What you need to do: In your copy, repeat the records exactly and leave out the pictures.

Data:
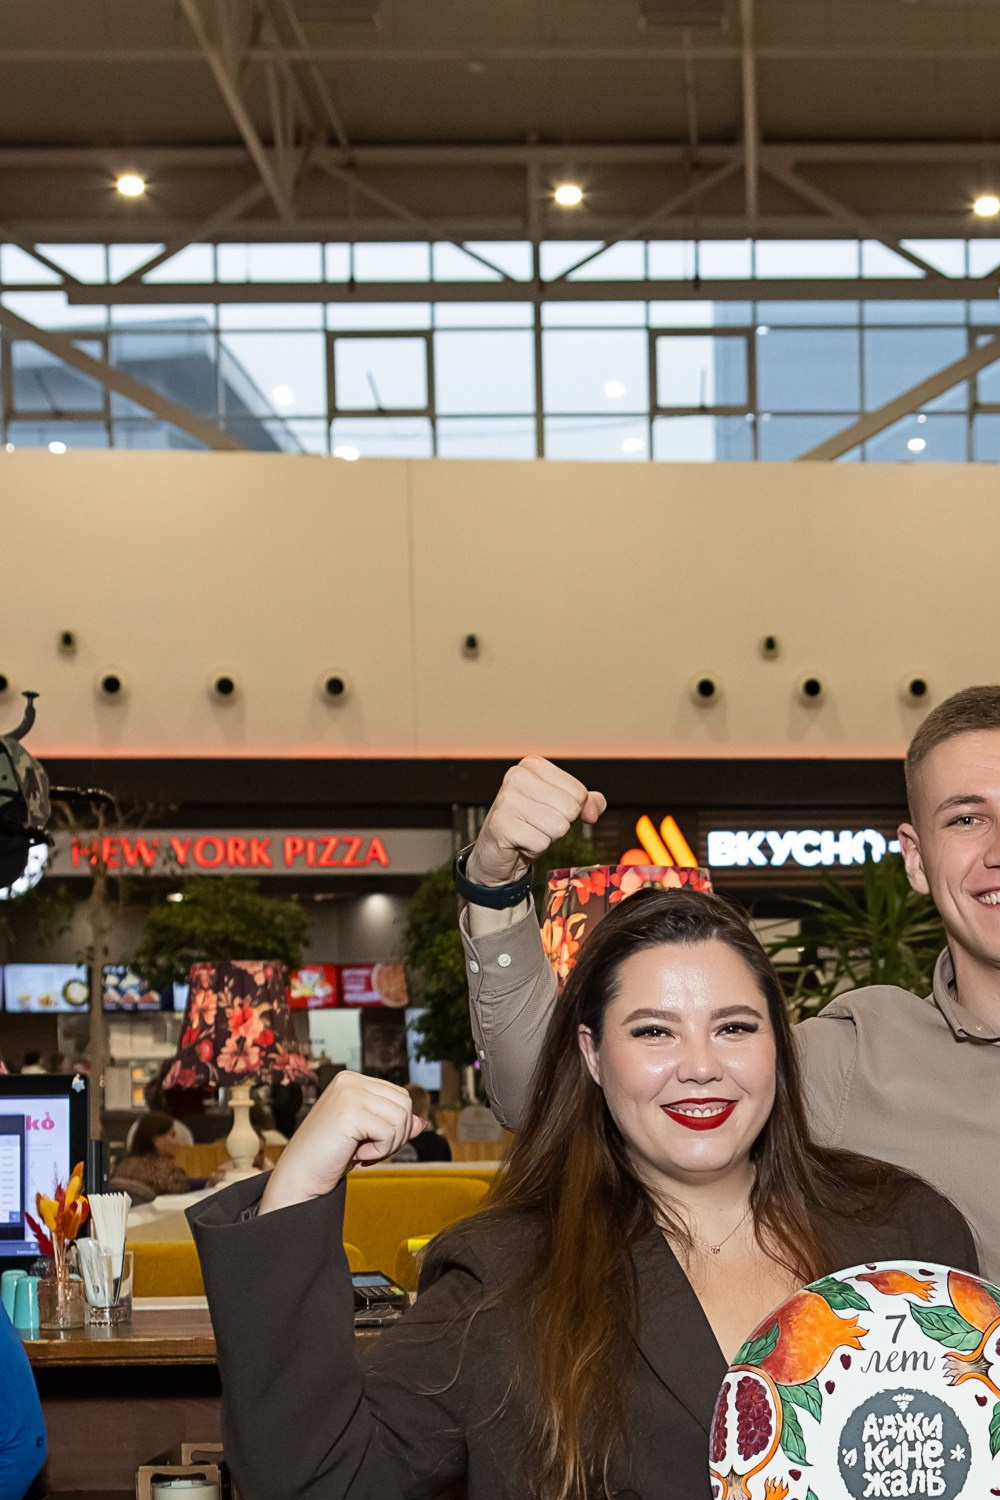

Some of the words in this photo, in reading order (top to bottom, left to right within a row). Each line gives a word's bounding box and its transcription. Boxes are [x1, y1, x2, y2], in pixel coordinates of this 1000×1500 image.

[170, 836, 273, 867] YORK
[283, 836, 390, 867] PIZZA
[885, 1314, 907, 1344] 7
[860, 1350, 936, 1373] лет
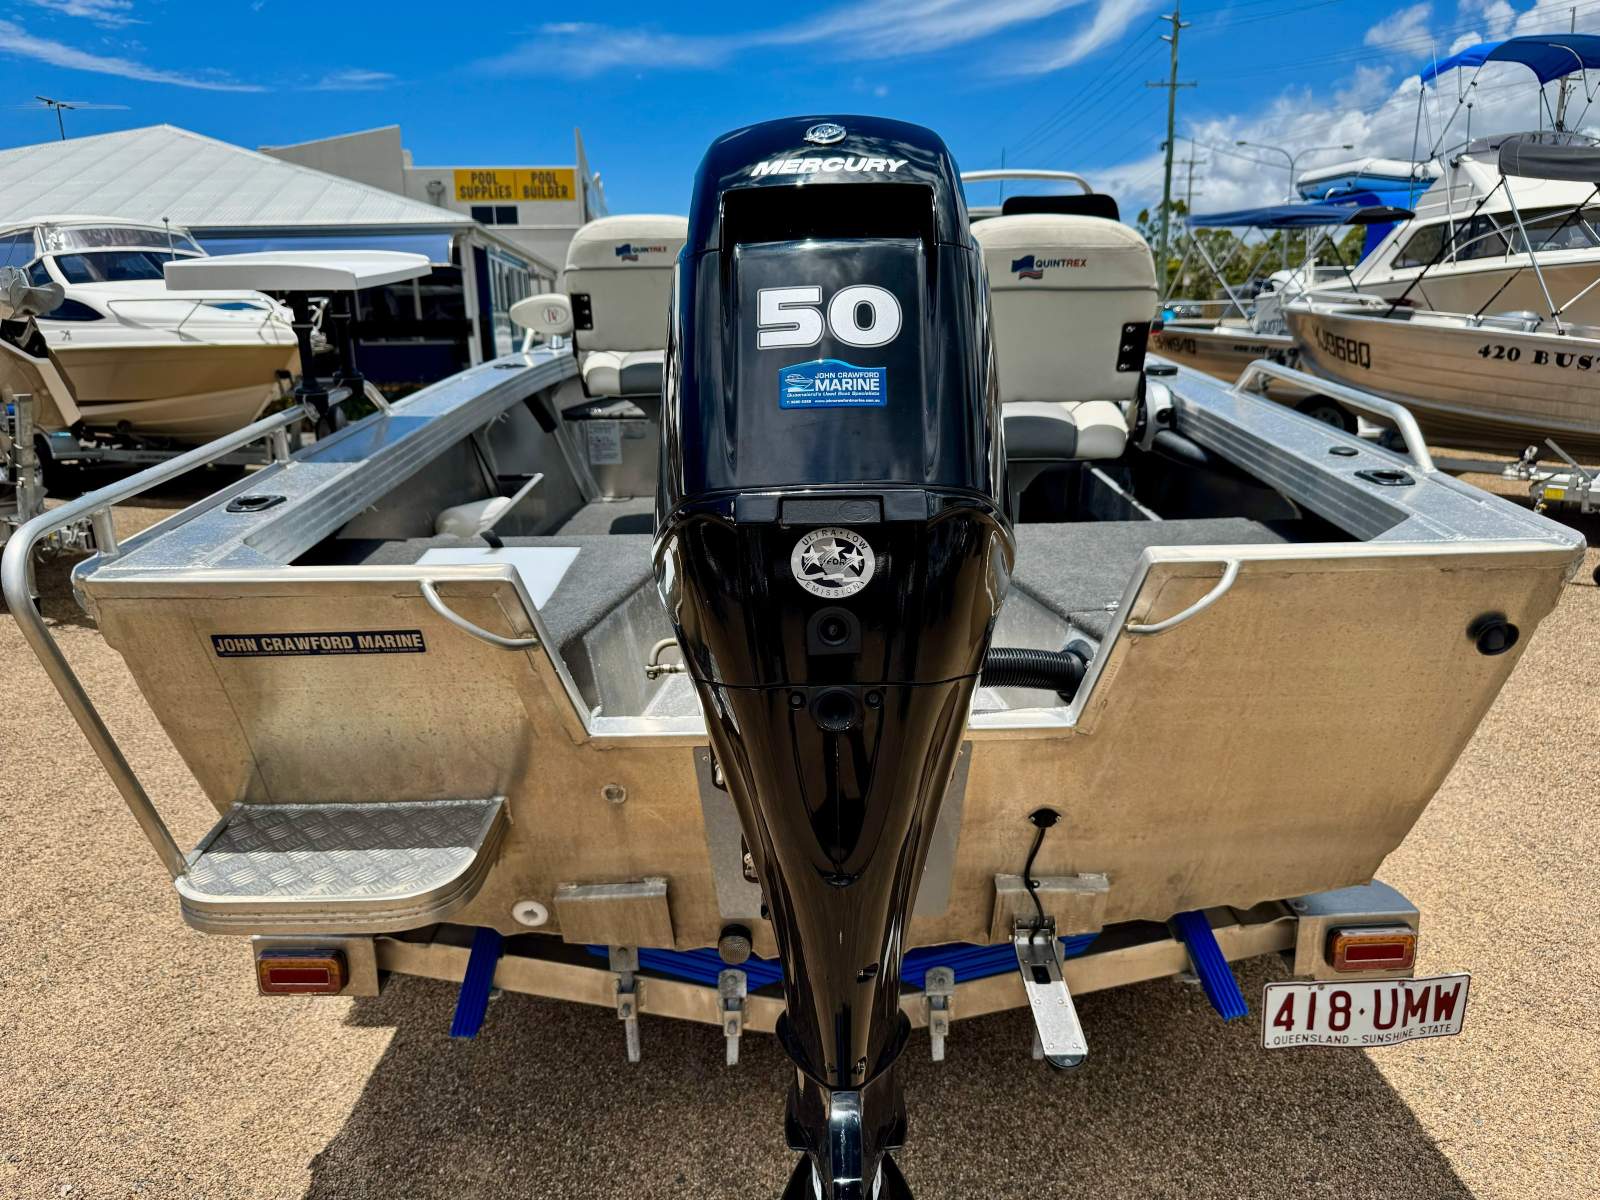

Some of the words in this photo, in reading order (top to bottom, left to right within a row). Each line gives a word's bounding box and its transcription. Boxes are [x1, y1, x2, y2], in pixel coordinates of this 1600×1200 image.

[751, 157, 909, 177] MERCURY
[471, 172, 497, 185] POOL
[531, 172, 557, 185] POOL
[460, 185, 512, 199] SUPPLIES
[523, 185, 568, 199] BUILDER
[1035, 259, 1087, 268] QUINTREX
[757, 284, 903, 350] 50
[1478, 344, 1521, 362] 420
[837, 371, 880, 379] CRAWFORD
[815, 379, 880, 392] MARINE
[801, 529, 837, 547] ULTRA
[846, 533, 868, 551] LOW
[216, 638, 258, 652] JOHN
[261, 635, 354, 650] CRAWFORD
[357, 633, 424, 649] MARINE
[1273, 1033, 1349, 1045] QUEENSLAND
[1361, 1027, 1414, 1044] SUNSHINE
[1419, 1023, 1451, 1034] STATE

Result of this task:
Some of the words in this photo, in reading order (top to bottom, left to right within a row). Each line gives a word's bounding box and its transcription. Boxes are [x1, y1, x2, y2], in pixel coordinates of this 1000×1500 image.

[170, 836, 273, 867] YORK
[283, 836, 390, 867] PIZZA
[885, 1314, 907, 1344] 7
[860, 1350, 936, 1373] лет

Some of the words in this photo, in reading order (top to bottom, left to right within a row). Each line gives a word's bounding box and its transcription. Boxes are [x1, y1, x2, y2], in pixel coordinates of this 1600×1200 image.

[751, 157, 909, 177] MERCURY
[471, 172, 497, 185] POOL
[531, 172, 557, 185] POOL
[460, 185, 512, 199] SUPPLIES
[523, 185, 568, 199] BUILDER
[1035, 259, 1087, 268] QUINTREX
[757, 284, 903, 350] 50
[1478, 344, 1521, 362] 420
[837, 371, 880, 379] CRAWFORD
[815, 379, 880, 392] MARINE
[801, 529, 837, 547] ULTRA
[846, 533, 868, 551] LOW
[216, 638, 258, 652] JOHN
[261, 635, 354, 650] CRAWFORD
[357, 633, 424, 649] MARINE
[1273, 1033, 1349, 1045] QUEENSLAND
[1361, 1027, 1414, 1044] SUNSHINE
[1419, 1023, 1451, 1034] STATE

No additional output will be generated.